Photoreceptor degeneration and loss of immunoreactive GABA in the Abyssinian cat retina.

GABA (gamma-amino butyric acid) and its synthesizing enzyme, GAD (glutamate decarboxylase; EC 4.1.1.15) were localized in the retina of Abyssinian cats homozygous for a recessively inherited retinal degenerative disorder which in several respects is similar to the human disease, retinitis pigmentosa. Clinically normal mongrel cats and heterozygous Abyssinian cats were studied for comparison. The GABA and GAD immunoreactive neurons of the heterozygous or young homozygous (clinically unaffected animals) had the same distribution and morphology as normal mongrel European type cats.
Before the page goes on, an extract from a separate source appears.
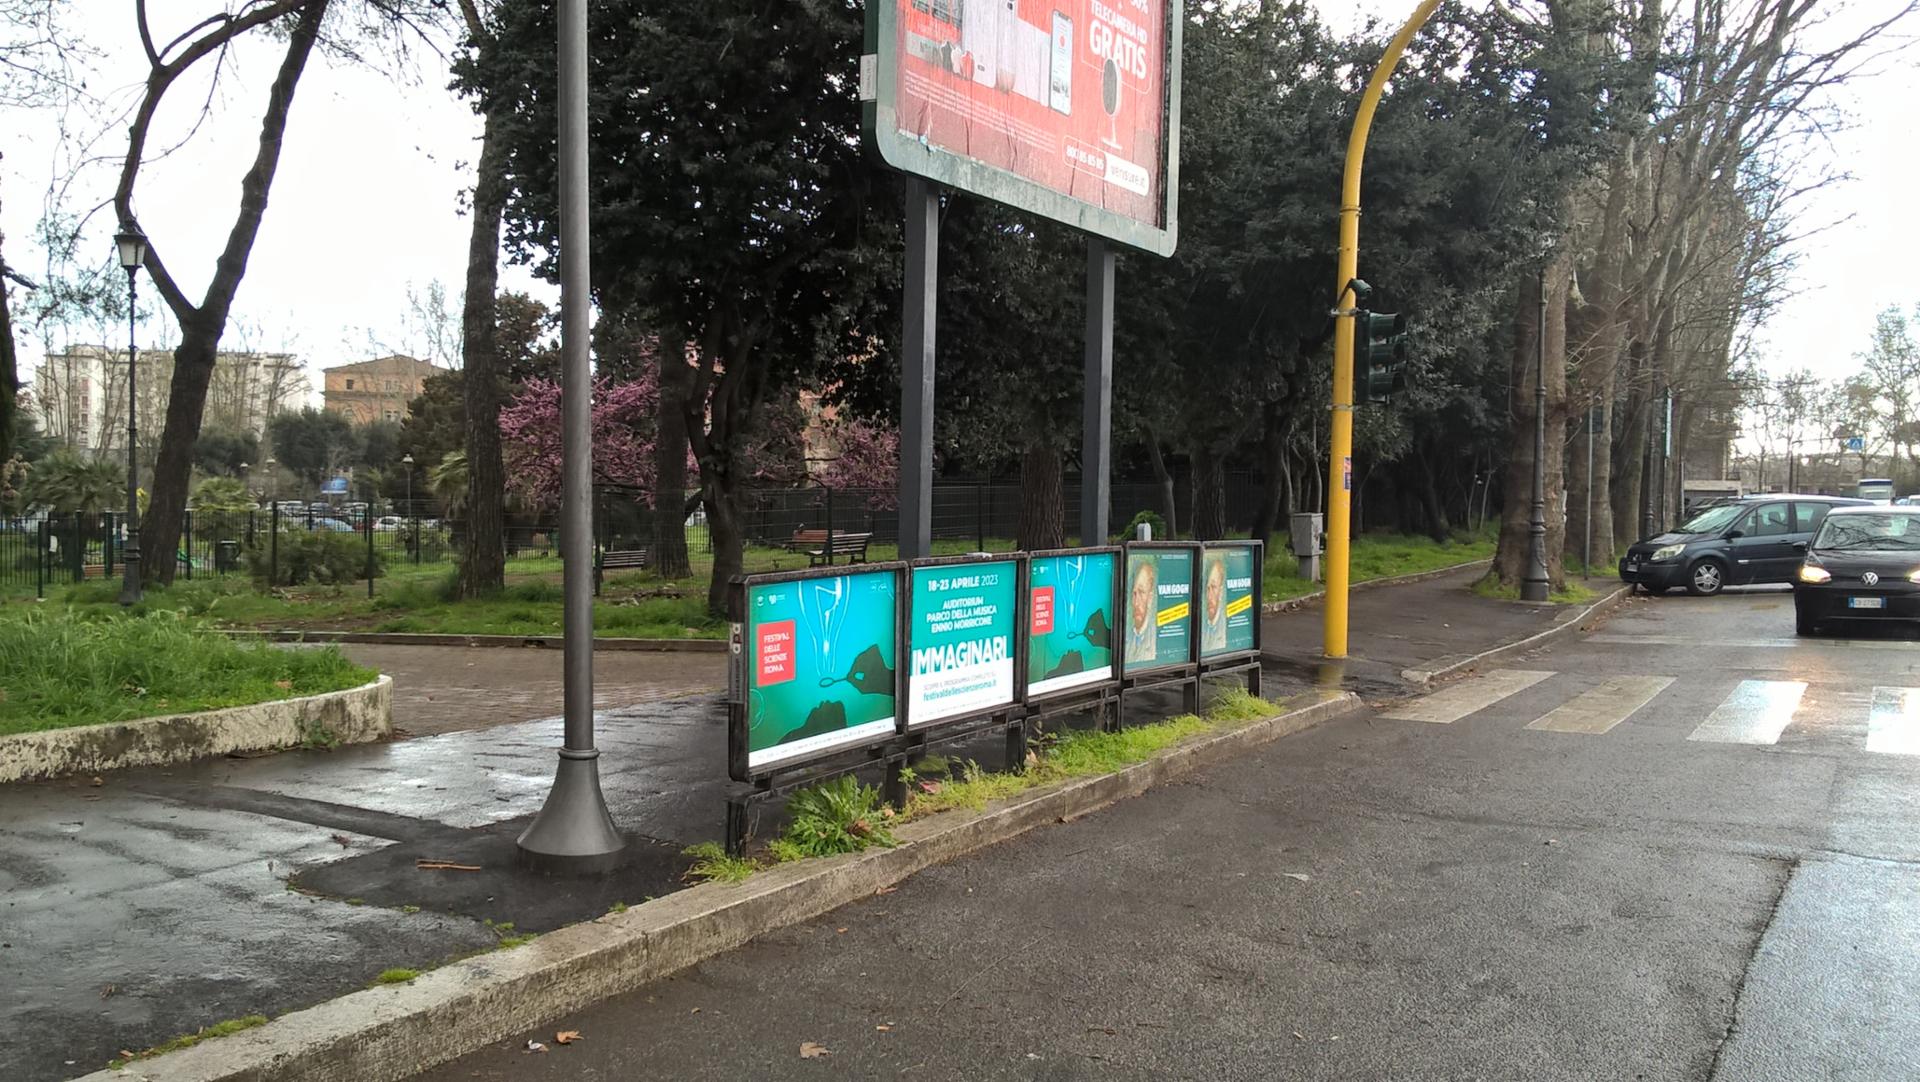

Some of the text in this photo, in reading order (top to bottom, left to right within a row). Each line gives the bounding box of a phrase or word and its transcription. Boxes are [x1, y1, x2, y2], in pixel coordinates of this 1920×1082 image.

The neuronal GABA immunoreactivity in both the inner and outer parts of the retina gradually disappeared in the course of the disease, with little or no loss of GAD immunoreactive neurons. Early in the disease, the changes were most severe in patches in the mid periphery of the eye and then spread both centrally and peripherally. Loss of photoreceptors was a prerequisite for the loss of GABA immunoreactivity. The observations show that retinal changes are not limited to the photoreceptors. The GABA loss is not likely to be due to a loss of neurons, because of the persistence of GAD immunoreactive neurons.